Valutazioni basate sui prezzi di mercato delle partecipate — da EssilorLuxottica a investimenti immobiliari e bancari — indicano che le quote in questione potrebbero valere, a livello teorico, tra i 14 e i 15 miliardi di euro. Fonti vicine al negoziato segnalano tuttavia che la trattativa tra soci potrebbe chiudersi a valori inferiori, in funzione delle condizioni concordate e della struttura finanziaria dell’operazione.
I tempi dell’operazione
Secondo quanto riferito, Leonardo Maria Del Vecchio — attualmente con ruoli di rilievo nella strategia del gruppo e presidente del marchio Ray Ban — avrebbe presentato a Delfin la proposta per esercitare la prelazione sulle quote di Luca e Paola, come previsto dallo statuto della holding.
La prelazione è un diritto statutario che consente agli azionisti già presenti di acquistare le partecipazioni messe in vendita prima che possano essere trasferite a terzi. L’esercizio di tale diritto può accelerare il trasferimento interno delle quote ma non esclude che altre questioni residuali, come la determinazione del prezzo, vengano risolte in sede giudiziale o tramite ulteriori negoziazioni tra le parti.
I fratelli Luca e Paola hanno chiesto a un tribunale di Lussemburgo di fissare il prezzo per il trasferimento delle loro partecipazioni; Leonardo Maria ha dichiarato di essere disponibile ad attendere la decisione del giudice oppure a trovare un accordo privato prima di una pronuncia formale.
Il leveraged buyout sostenuto da un pool di banche
Il piano di Leonardo Maria Del Vecchio prevederebbe, secondo quanto emerge, un aumento della sua partecipazione fino al 37,5% di Delfin, tramite una operazione strutturata come leveraged buyout e assistita da un consorzio bancario. In un leveraged buyout l’acquisizione è finanziata in gran parte con debito, che viene poi rimborsato con i flussi generati dalle società controllate o con la distribuzione di dividendi straordinari.

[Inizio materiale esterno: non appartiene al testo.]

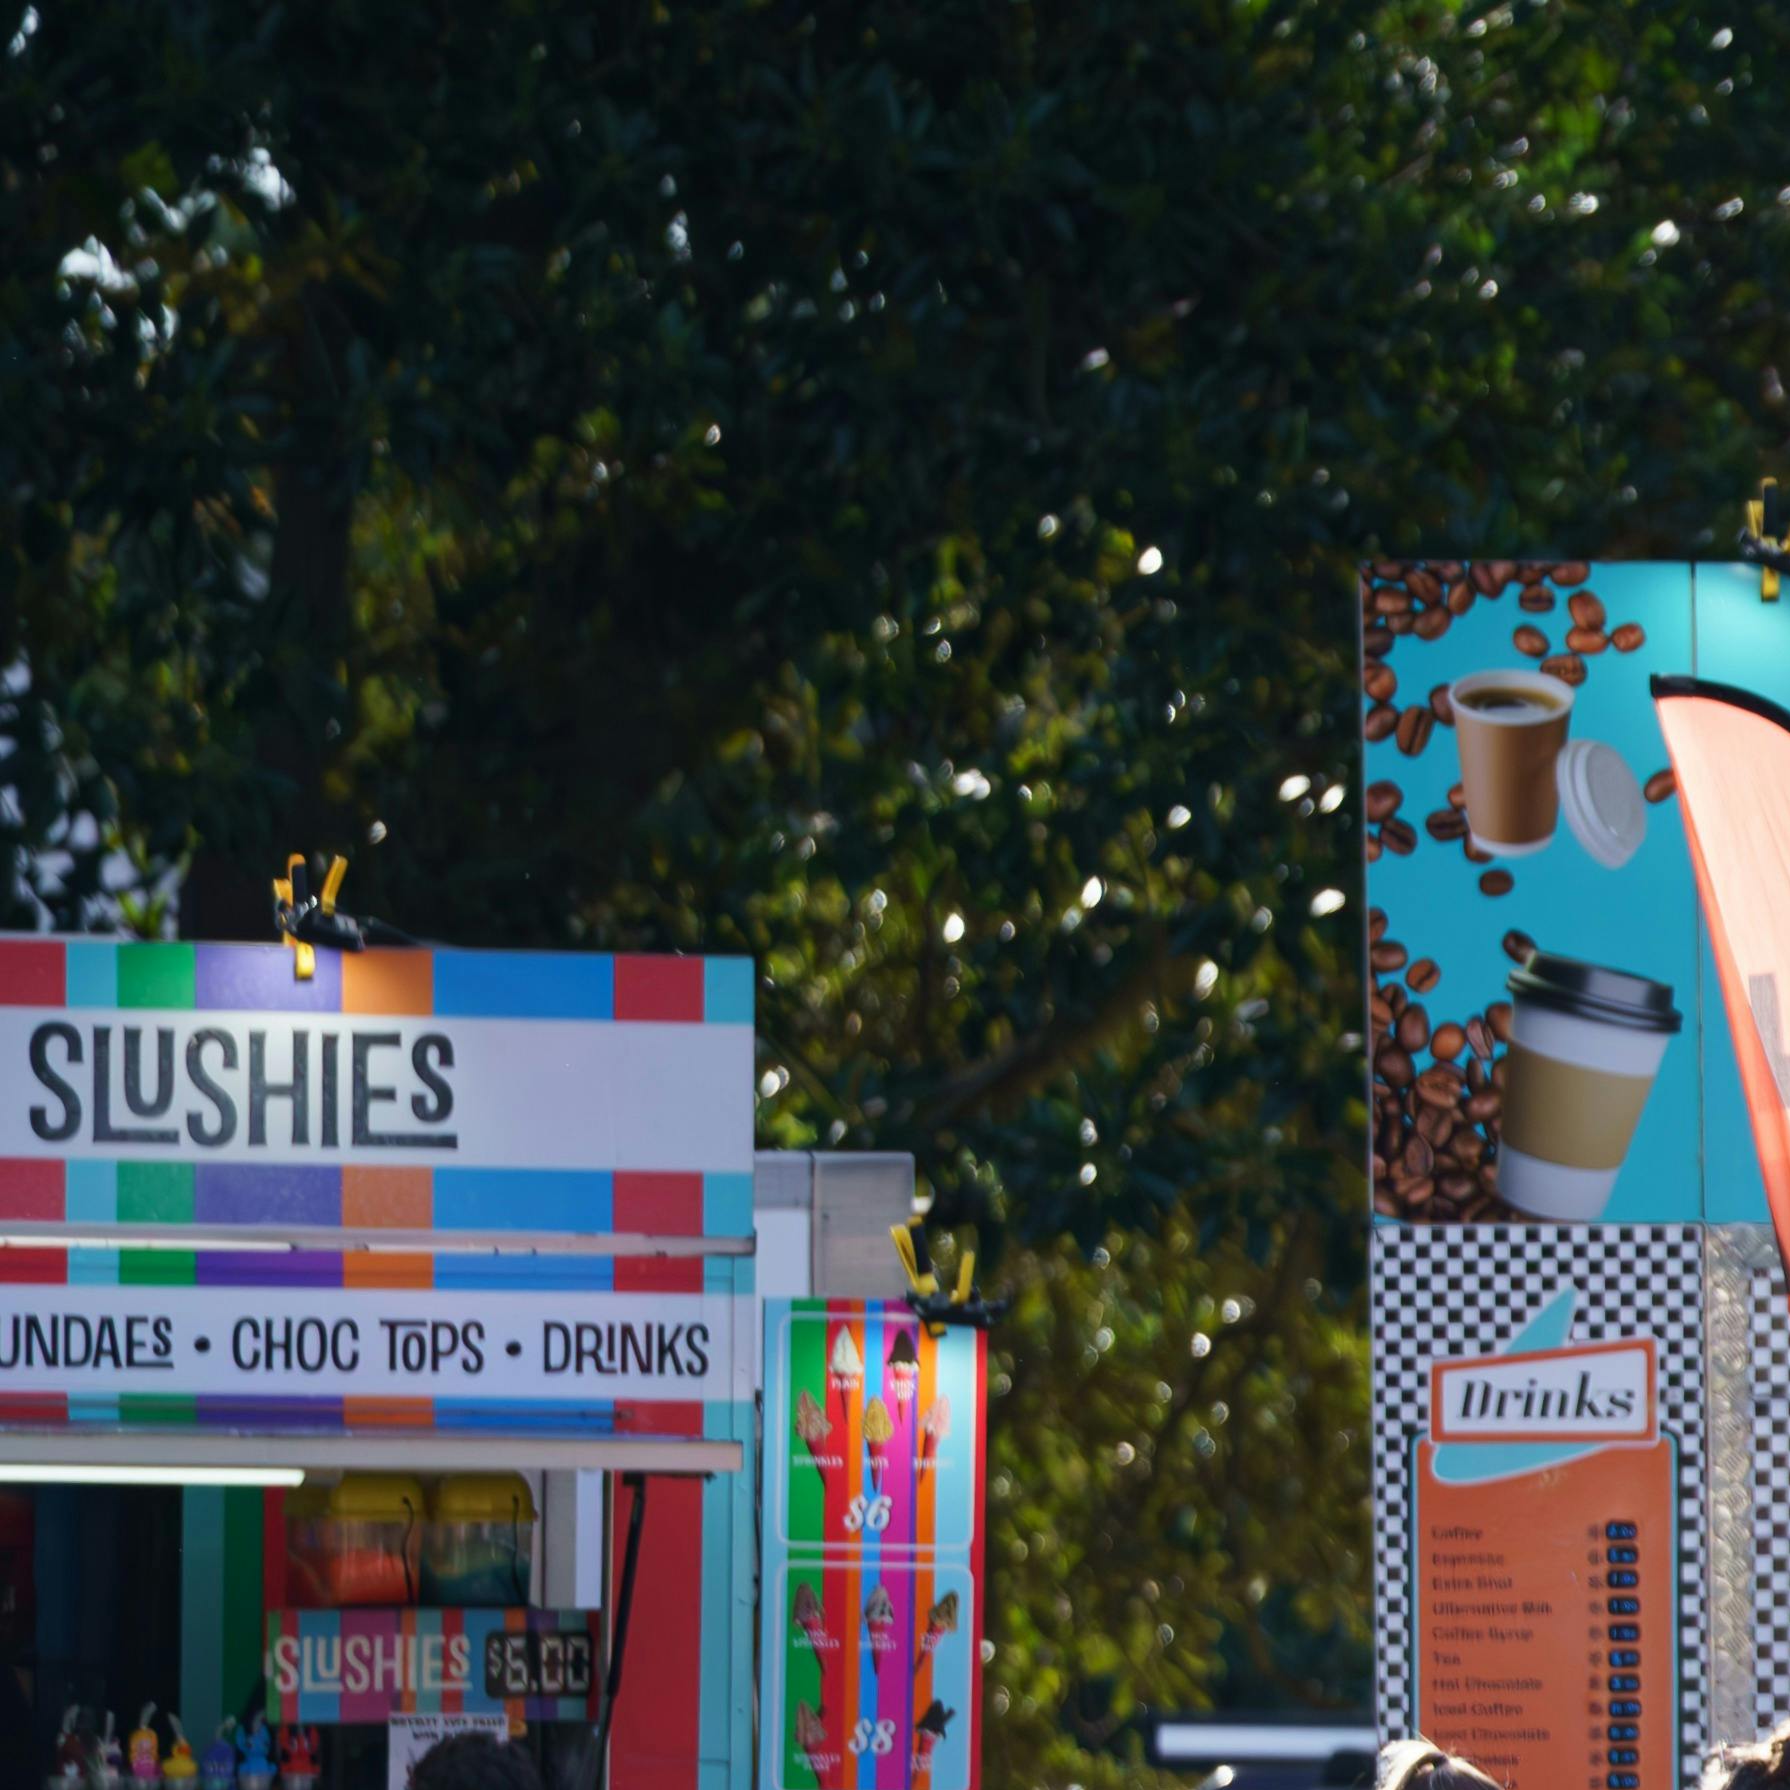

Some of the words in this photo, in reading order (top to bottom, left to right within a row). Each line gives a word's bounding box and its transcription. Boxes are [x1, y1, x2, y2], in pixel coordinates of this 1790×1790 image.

[28, 1020, 458, 1151] SLUSHIES
[231, 1316, 360, 1372] CHOC
[379, 1319, 486, 1375] TOPS
[542, 1322, 711, 1377] DRINKS
[1460, 1371, 1635, 1419] Drinks
[843, 1494, 893, 1532] $6
[274, 1634, 473, 1693] SLUSHIES
[848, 1718, 897, 1756] $8

Leonardo Maria Del Vecchio ha aggiunto:
“Non intendo fare una mossa di potere, voglio ricostruire la fiducia dopo quattro anni di dispute.”

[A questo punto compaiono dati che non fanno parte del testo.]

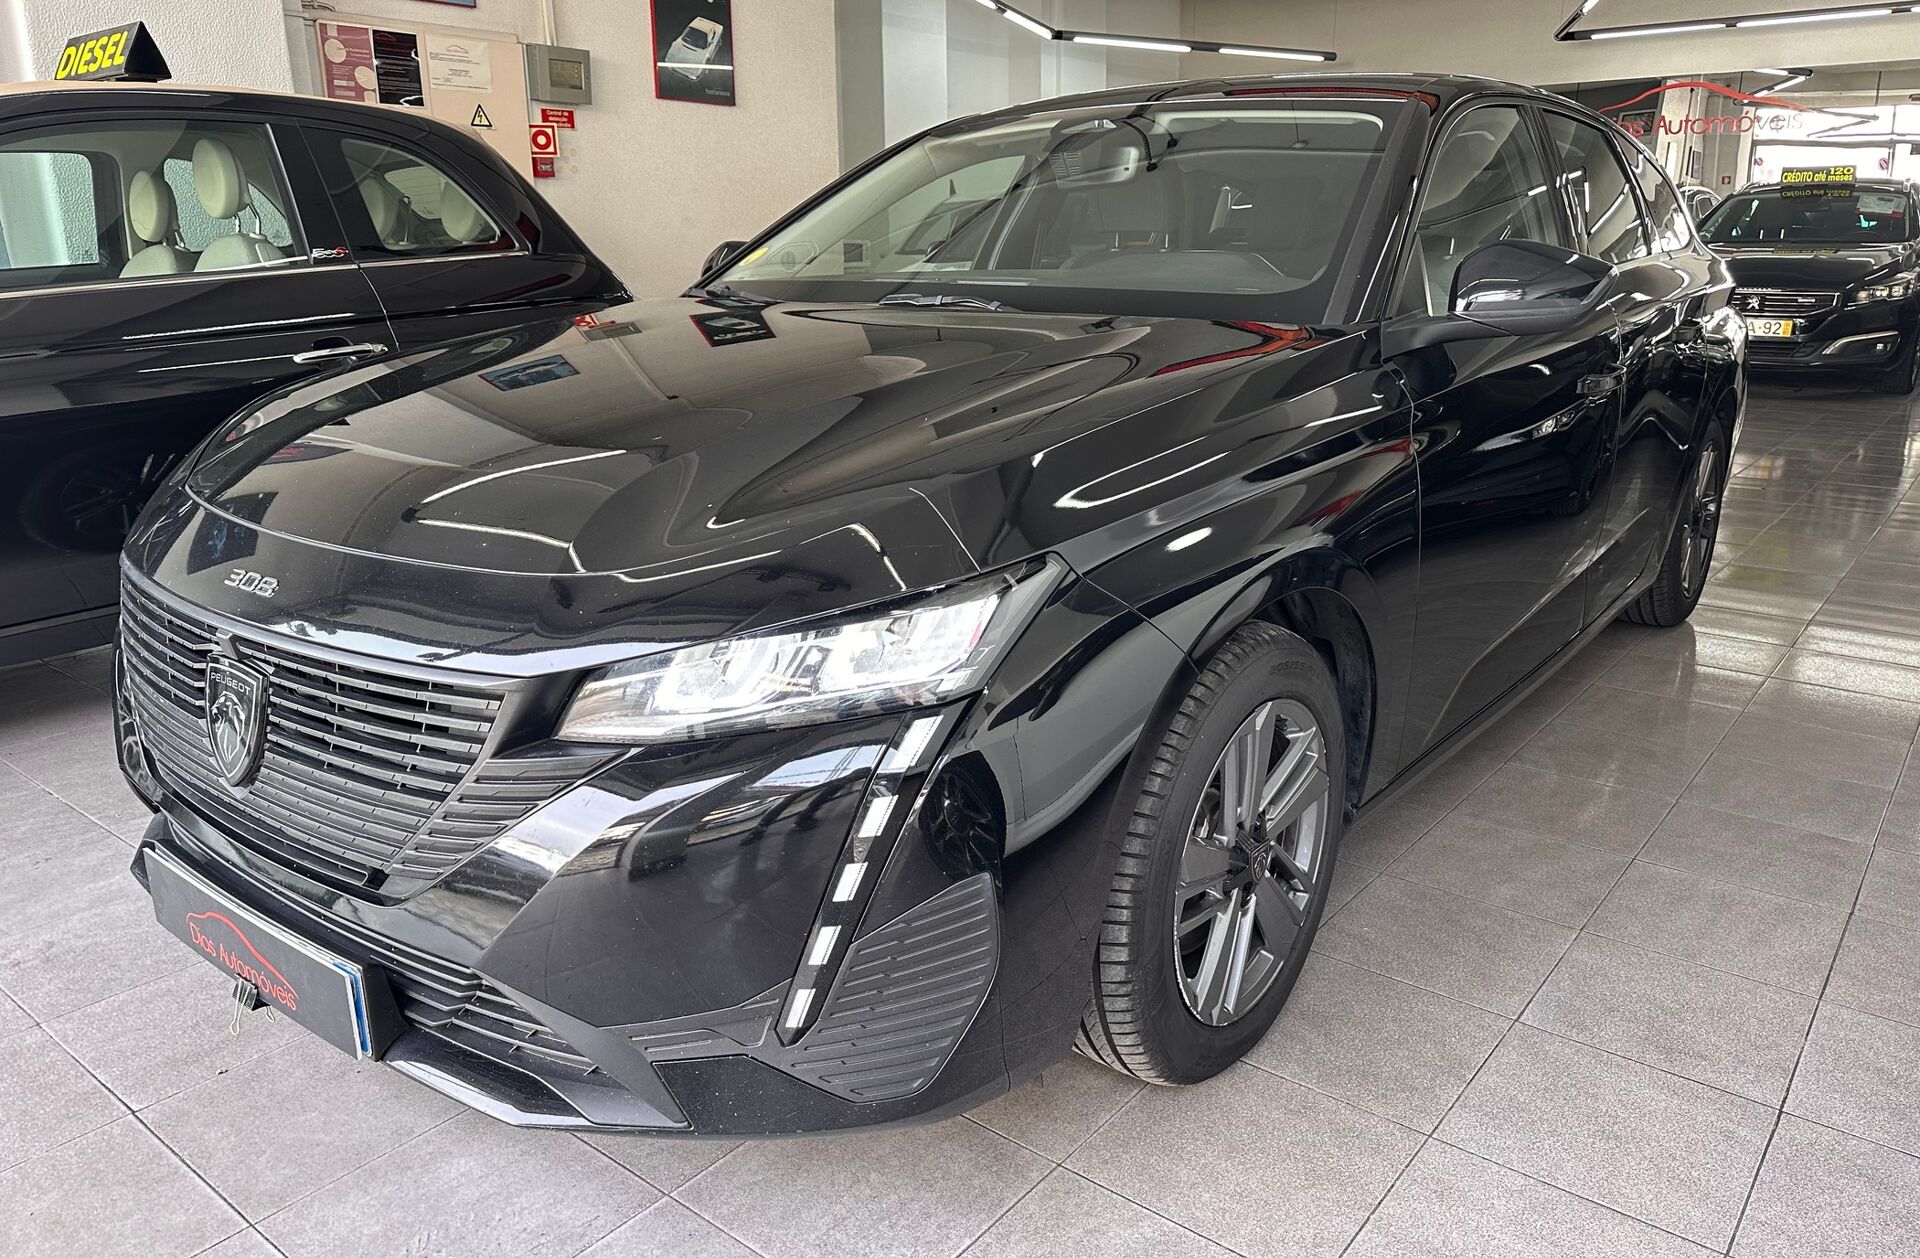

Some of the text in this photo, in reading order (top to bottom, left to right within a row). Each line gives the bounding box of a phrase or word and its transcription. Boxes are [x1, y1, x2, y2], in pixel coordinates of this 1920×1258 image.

Nel corso delle dichiarazioni è emersa la volontà di mantenere integra la posizione nel gruppo operativo: “EssilorLuxottica è il nostro gioiello della corona e non vogliamo mai essere diluiti”, frase che sintetizza l’approccio alla governance e alla protezione dell’asset strategico del gruppo. L’operazione sarebbe strutturata in modo che il debito possa essere ripagato anche attraverso dividendi straordinari: il potenziale distribuibile è stato stimato in oltre 7 miliardi di euro, con l’ipotesi di una politica dei dividendi futura superiore a un miliardo all’anno.
L’eventuale aumento di controllo da parte di un singolo azionista comporterebbe conseguenze sulla composizione e sulle dinamiche del consiglio di amministrazione, sulla gestione del capitale e sulle scelte strategiche del gruppo. Le banche coinvolte dovranno valutare garanzie, rischi di mercato e la sostenibilità del servizio del debito in uno scenario che potrà influenzare la percezione degli investitori e la liquidità delle partecipazioni interessate.
Nei prossimi mesi gli sviluppi principali saranno due: l’esito delle negoziazioni tra le parti e la decisione giudiziale eventualmente richiesta per la determinazione del prezzo. Se verrà trovato un accordo rapido, la transazione potrà essere completata secondo i termini concordati; in caso contrario, la procedura giudiziale stabilirà i termini economici del trasferimento e potrà prolungare i tempi di definizione della nuova governance.